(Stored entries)
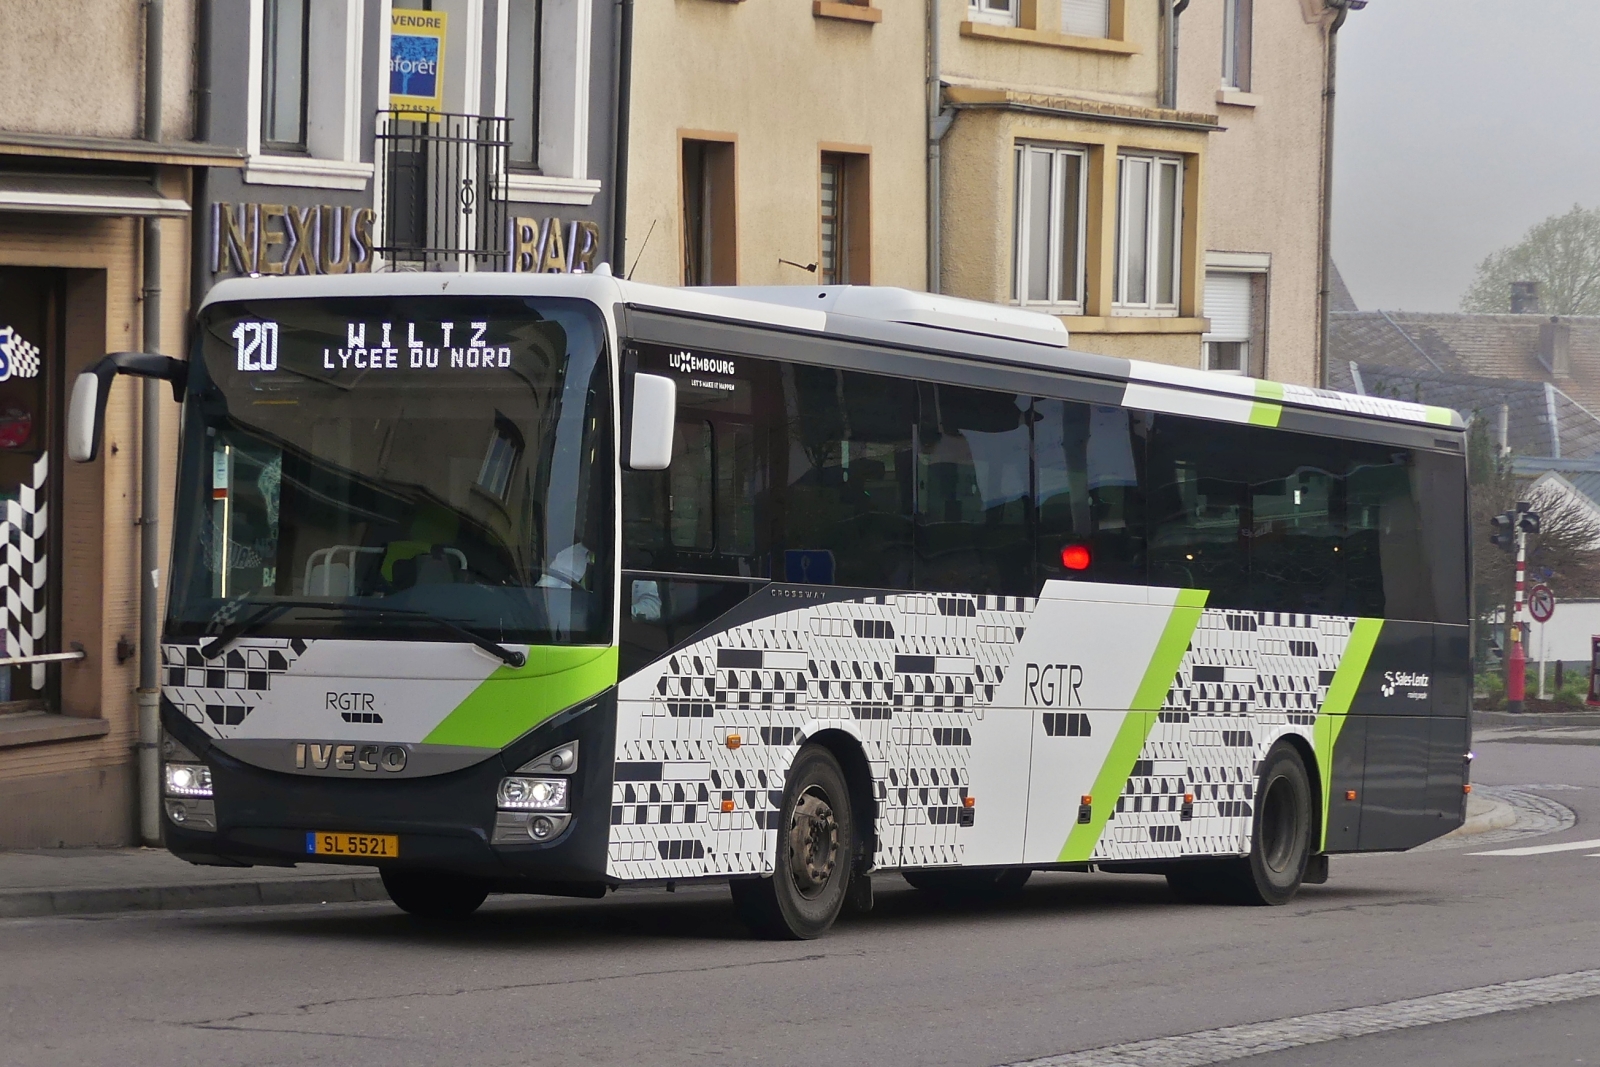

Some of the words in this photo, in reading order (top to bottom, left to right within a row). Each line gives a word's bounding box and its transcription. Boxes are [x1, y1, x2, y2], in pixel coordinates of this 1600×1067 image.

[391, 15, 441, 28] VENDRE
[211, 201, 377, 275] NEXUS
[506, 216, 600, 273] BAR
[232, 322, 279, 371] 120
[347, 322, 487, 348] WILTZ
[323, 348, 399, 368] LYCEE
[410, 348, 439, 368] DU
[450, 347, 511, 368] NORD
[669, 351, 735, 375] LUXEMBOURG
[771, 589, 826, 600] CROSSWAY
[1024, 662, 1083, 707] RGTR
[325, 691, 375, 711] RGTR
[296, 743, 408, 773] IVECO
[324, 836, 344, 853] SL
[348, 836, 387, 855] 5521

Task description: Restate the data above word for word, so that the only difference is the missing pictures.

Answer to this problem:
Some of the words in this photo, in reading order (top to bottom, left to right within a row). Each line gives a word's bounding box and its transcription. Boxes are [x1, y1, x2, y2], in pixel coordinates of this 1600×1067 image.

[391, 15, 441, 28] VENDRE
[211, 201, 377, 275] NEXUS
[506, 216, 600, 273] BAR
[232, 322, 279, 371] 120
[347, 322, 487, 348] WILTZ
[323, 348, 399, 368] LYCEE
[410, 348, 439, 368] DU
[450, 347, 511, 368] NORD
[669, 351, 735, 375] LUXEMBOURG
[771, 589, 826, 600] CROSSWAY
[1024, 662, 1083, 707] RGTR
[325, 691, 375, 711] RGTR
[296, 743, 408, 773] IVECO
[324, 836, 344, 853] SL
[348, 836, 387, 855] 5521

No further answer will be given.